Over the past year or two, we've seen a rise of 2-in-1 Chromebooks like the ASUS Flip lineup and Samsung's Chromebook Plus/Pro. But using Chrome OS in tablet mode is still rough around the edges. Now Google is trying to change that, with the introduction of split-screen windows in tablet mode.

Now, when you flip a Chromebook into tablet mode, the current active window becomes maximized with no way to resize it. You can only close it, minimize it, or just open another window. This isn't very intuitive, especially considering Android has had split-screen multitasking for a year now. Thankfully, this is being changed.

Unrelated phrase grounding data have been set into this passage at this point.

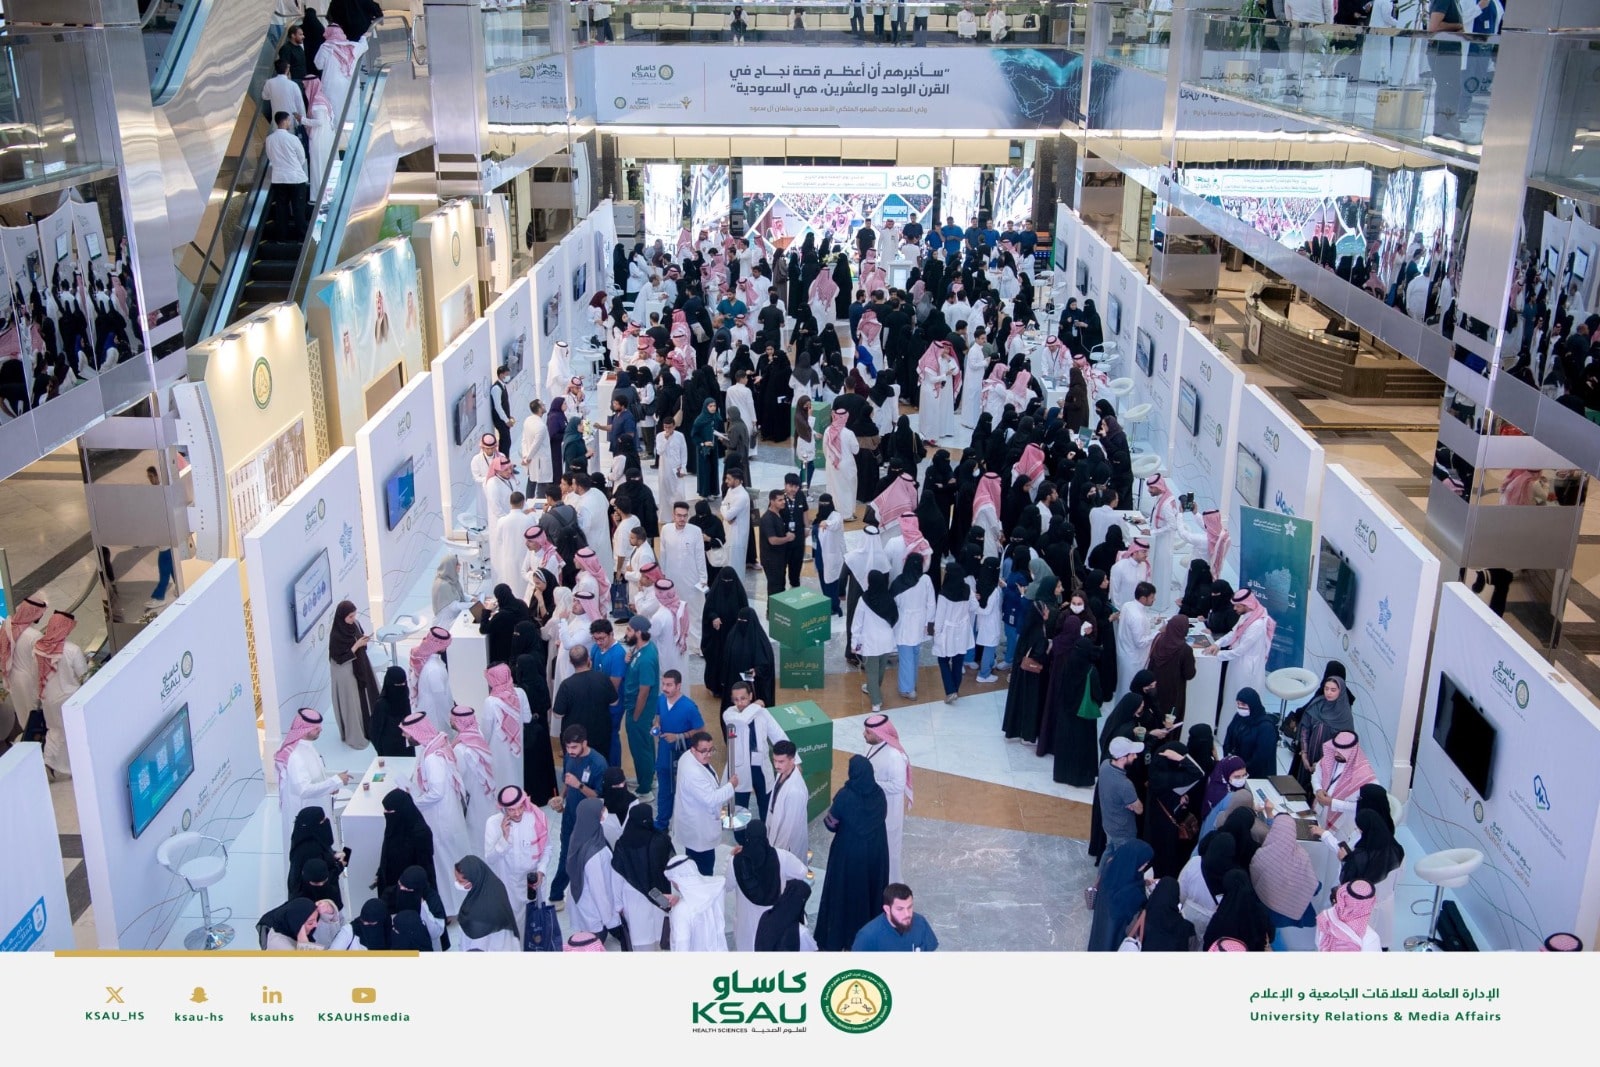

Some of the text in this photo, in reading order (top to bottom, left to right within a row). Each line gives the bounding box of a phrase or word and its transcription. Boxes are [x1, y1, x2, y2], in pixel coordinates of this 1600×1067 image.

[730, 65, 751, 81] في
[754, 65, 790, 79] نجاح
[793, 65, 820, 76] قصة
[824, 62, 865, 80] أعظم
[867, 62, 880, 80] أن
[794, 86, 817, 98] هي
[881, 84, 916, 97] الواحد
[918, 84, 950, 97] القرن
[160, 674, 180, 700] KSAU
[1493, 666, 1514, 694] KSAU

Once you enable Developer Mode on your Chromebook and manually turn on the -enable-tablet-splitview flag in the Chome OS Shell, the new split-screen feature becomes available. Once this is done, you can press the overlay button to see all your open windows, and drag them to different sides of the screen. You can then re-adjust how much space each window gets by dragging the divider, similar to multi-window on Android and Windows 10.

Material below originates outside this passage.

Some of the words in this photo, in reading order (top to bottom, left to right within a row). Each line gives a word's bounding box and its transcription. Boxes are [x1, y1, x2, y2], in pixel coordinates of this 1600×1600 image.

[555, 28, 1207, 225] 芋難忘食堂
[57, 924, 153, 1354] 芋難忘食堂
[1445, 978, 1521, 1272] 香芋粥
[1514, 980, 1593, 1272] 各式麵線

This is obviously much better than the current behavior, but there's no telling when it will become default in Chrome OS. These changes are just part of Google's larger focus on improving Chrome OS on touchscreens, presumably in preparation for the rumored "Eve" Chromebook with Google Assistant.

Via: Chome Unboxed

Source: William Greene (Google+)

UPDATE: 2017/11/11 3:39pm PST BY

Split-screen in tablet mode is now available as a standard flag, so you don't need to put your Chromebook in developer mode. The below video from Chrome Unboxed shows the flag in action:

If you're on the Chrome OS Dev channel, just go to this flag (copy and paste the link into the URL bar) and set it to 'Enabled.' Note that this doesn't work for Android apps yet, just Chrome windows and windowed web apps.